What this task involves
The records below must be transcribed exactly, with each picture left out.

___ Material for the task ___

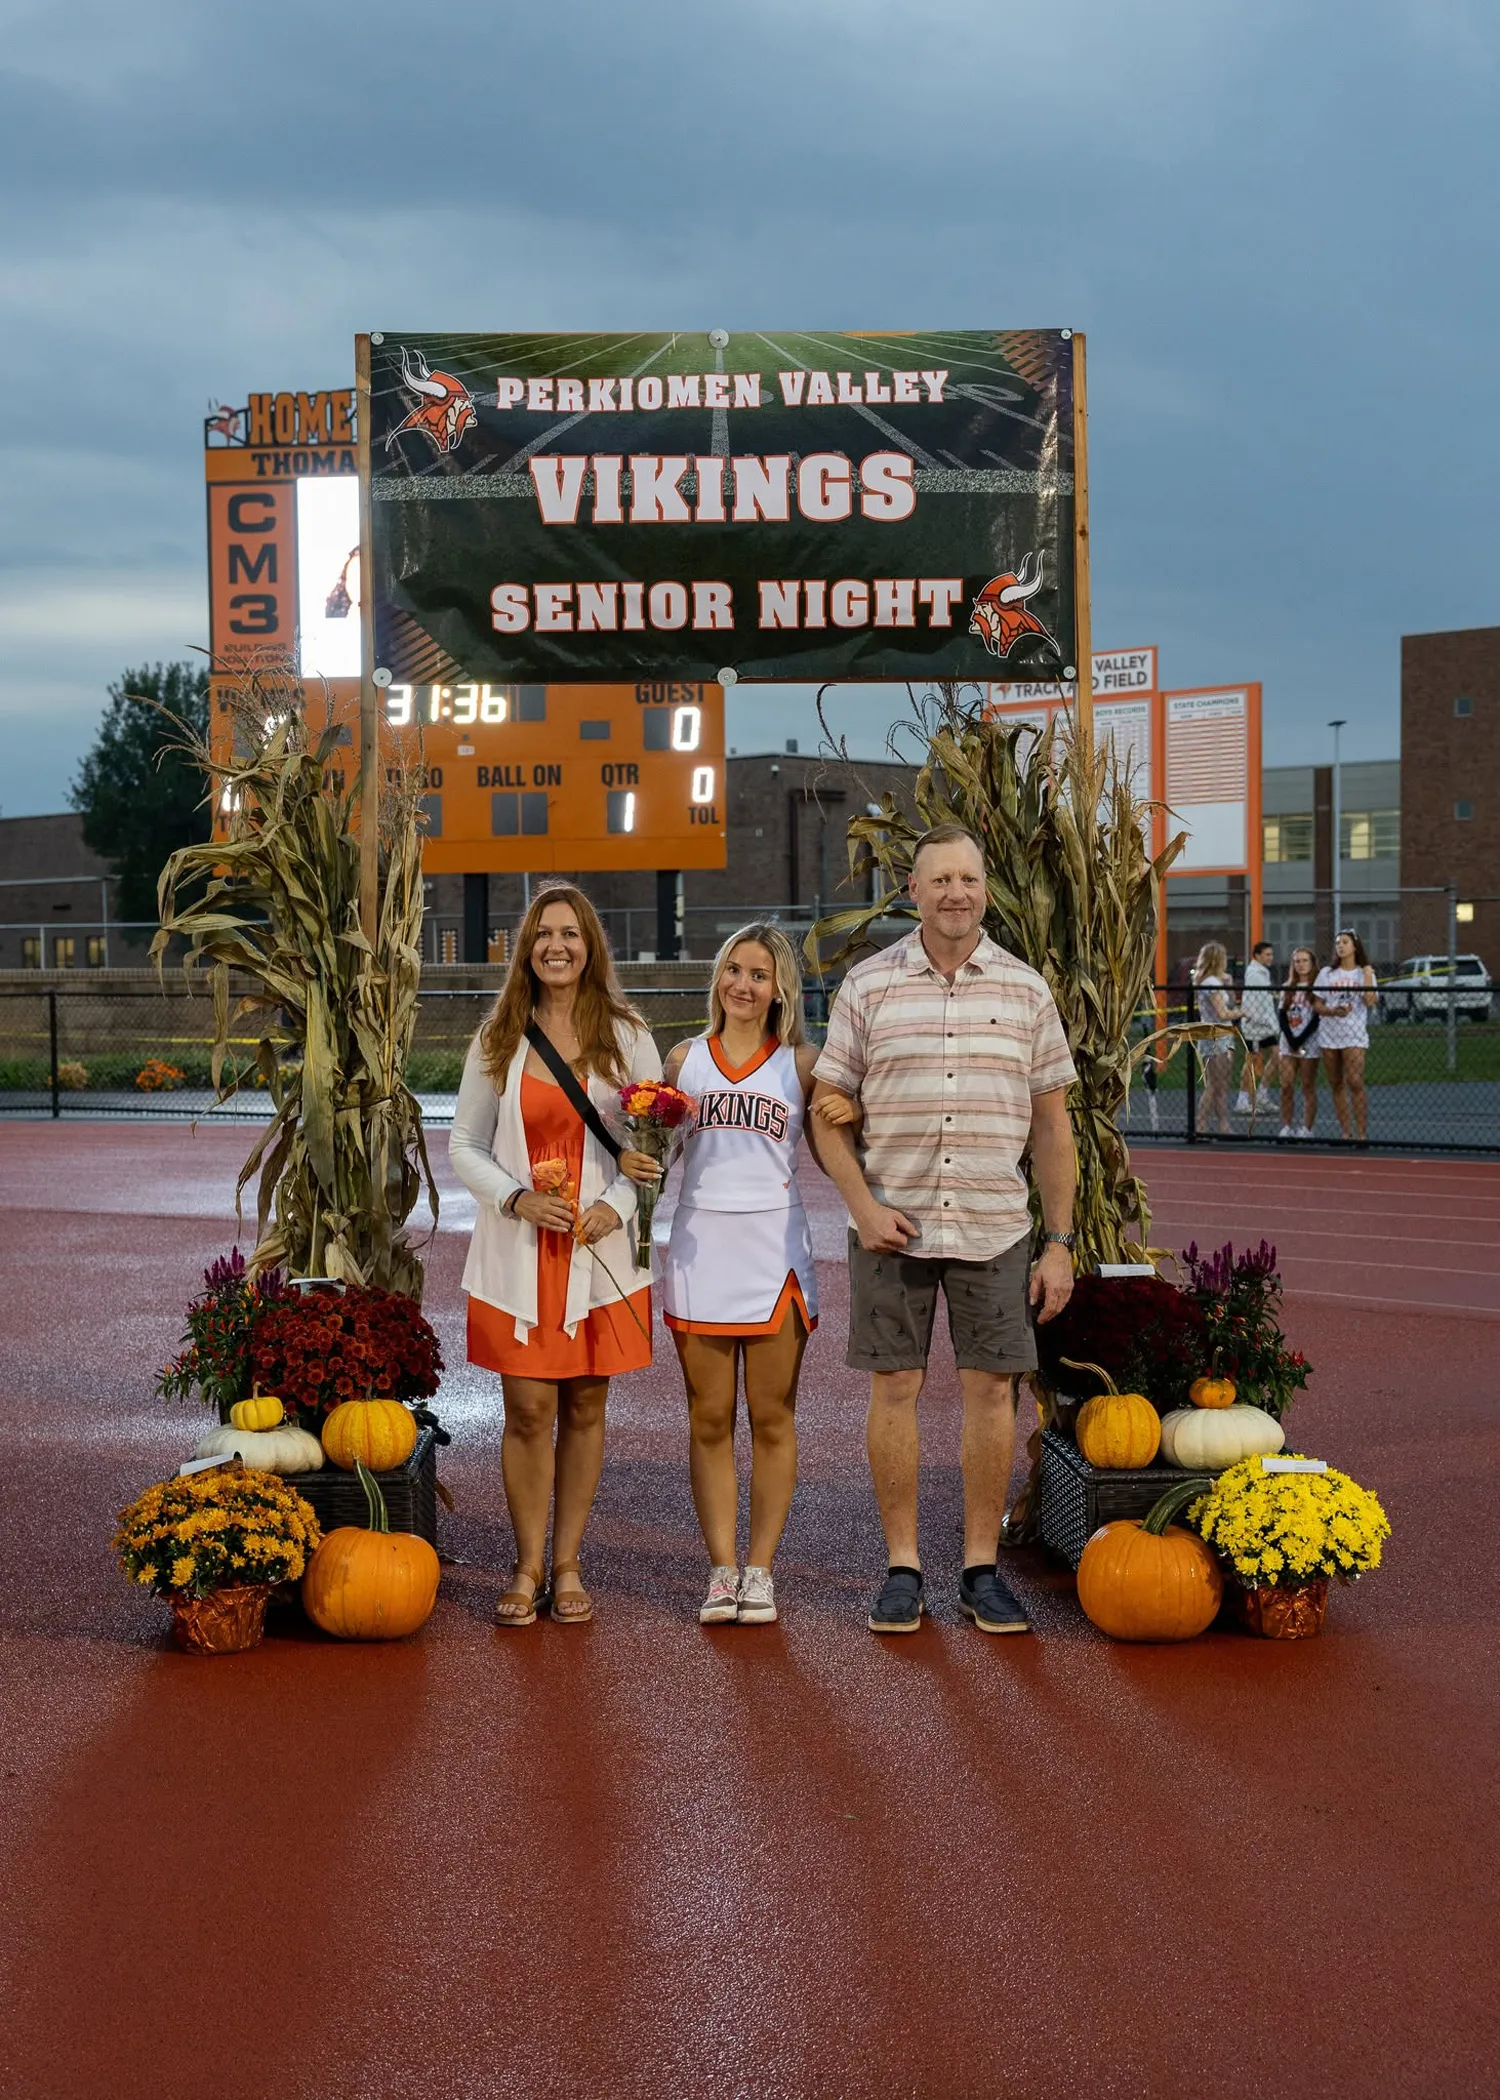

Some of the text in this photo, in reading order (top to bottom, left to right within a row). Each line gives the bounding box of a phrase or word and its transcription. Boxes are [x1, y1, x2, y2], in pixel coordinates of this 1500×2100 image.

[496, 369, 949, 412] PERKIOMEN VALLEY
[248, 391, 353, 445] HOME
[528, 451, 917, 525] VIKINGS
[490, 577, 964, 633] SENIOR NIGHT
[1095, 654, 1147, 673] VALLEY
[1104, 671, 1147, 689] FIELD
[635, 684, 704, 704] GUEST
[672, 706, 701, 751] 0
[477, 764, 562, 788] BALL ON
[601, 763, 639, 787] QTR
[688, 807, 719, 825] TOL
[687, 1090, 788, 1142] IKINGS
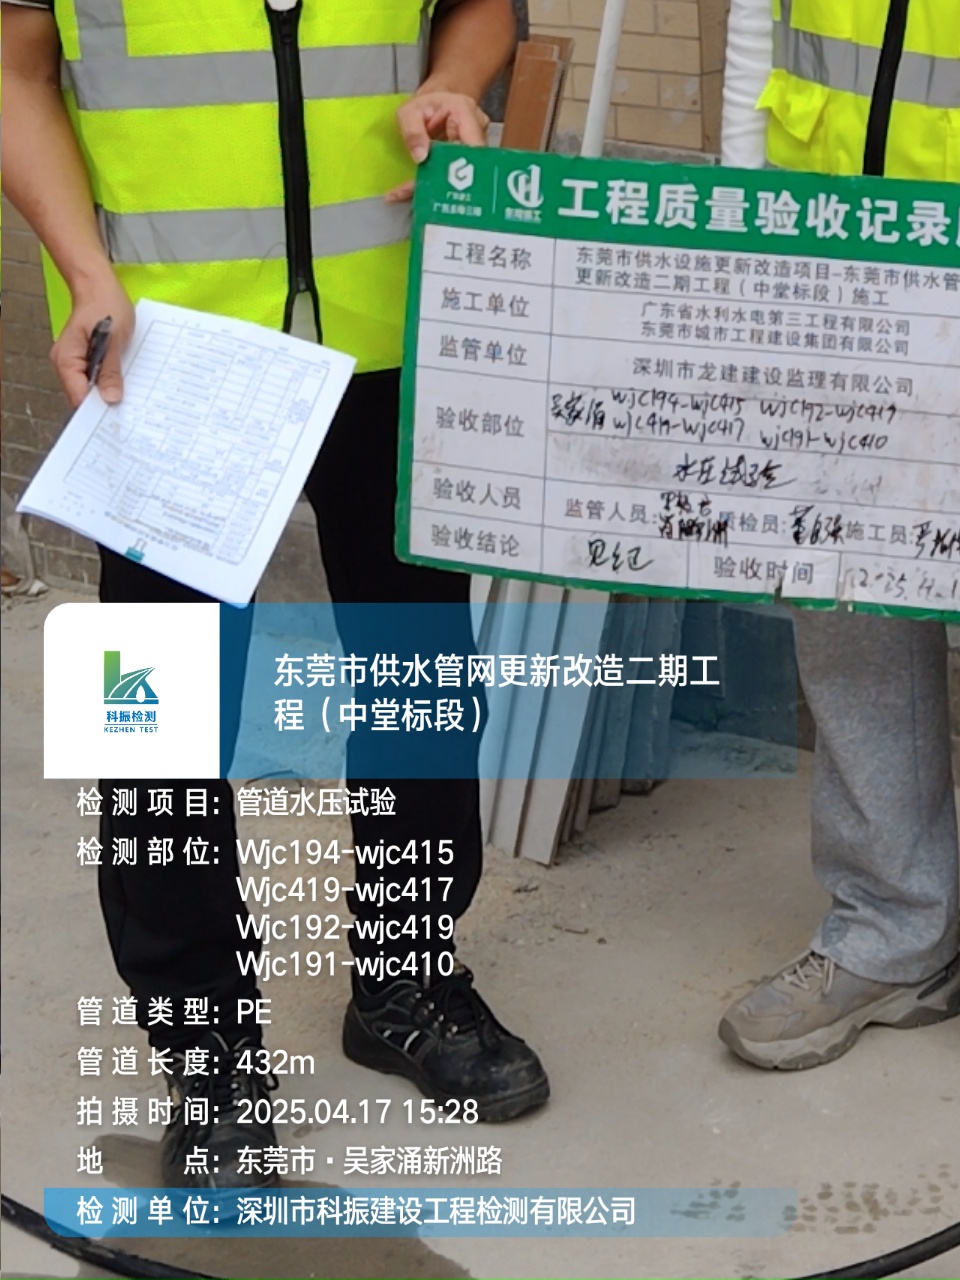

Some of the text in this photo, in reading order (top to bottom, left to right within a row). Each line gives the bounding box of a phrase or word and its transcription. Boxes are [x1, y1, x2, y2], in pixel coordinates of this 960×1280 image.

[444, 241, 532, 270] 工程名称
[441, 287, 530, 318] 施工单位
[575, 268, 890, 307] 更新改造二期工程（中堂标段）施工
[640, 302, 911, 337] 广东省水利水电第三工程有限公司
[438, 334, 528, 366] 监管单位
[640, 321, 910, 357] 东莞市城市工程建设集团有限公司
[632, 357, 915, 397] 深圳市龙建建设监理有限公司
[435, 405, 525, 439] 验收部位
[433, 477, 521, 510] 验收人员
[431, 523, 520, 558] 验收结论
[714, 556, 815, 587] 验收时间

___

Response to the task
Some of the text in this photo, in reading order (top to bottom, left to right within a row). Each line gives the bounding box of a phrase or word and its transcription. Boxes are [x1, y1, x2, y2], in pixel coordinates of this 1500×2100 image.

[496, 369, 949, 412] PERKIOMEN VALLEY
[248, 391, 353, 445] HOME
[528, 451, 917, 525] VIKINGS
[490, 577, 964, 633] SENIOR NIGHT
[1095, 654, 1147, 673] VALLEY
[1104, 671, 1147, 689] FIELD
[635, 684, 704, 704] GUEST
[672, 706, 701, 751] 0
[477, 764, 562, 788] BALL ON
[601, 763, 639, 787] QTR
[688, 807, 719, 825] TOL
[687, 1090, 788, 1142] IKINGS

Some of the text in this photo, in reading order (top to bottom, left to right within a row). Each line gives the bounding box of a phrase or word and its transcription. Boxes are [x1, y1, x2, y2], in pixel coordinates of this 960×1280 image.

[444, 241, 532, 270] 工程名称
[441, 287, 530, 318] 施工单位
[575, 268, 890, 307] 更新改造二期工程（中堂标段）施工
[640, 302, 911, 337] 广东省水利水电第三工程有限公司
[438, 334, 528, 366] 监管单位
[640, 321, 910, 357] 东莞市城市工程建设集团有限公司
[632, 357, 915, 397] 深圳市龙建建设监理有限公司
[435, 405, 525, 439] 验收部位
[433, 477, 521, 510] 验收人员
[431, 523, 520, 558] 验收结论
[714, 556, 815, 587] 验收时间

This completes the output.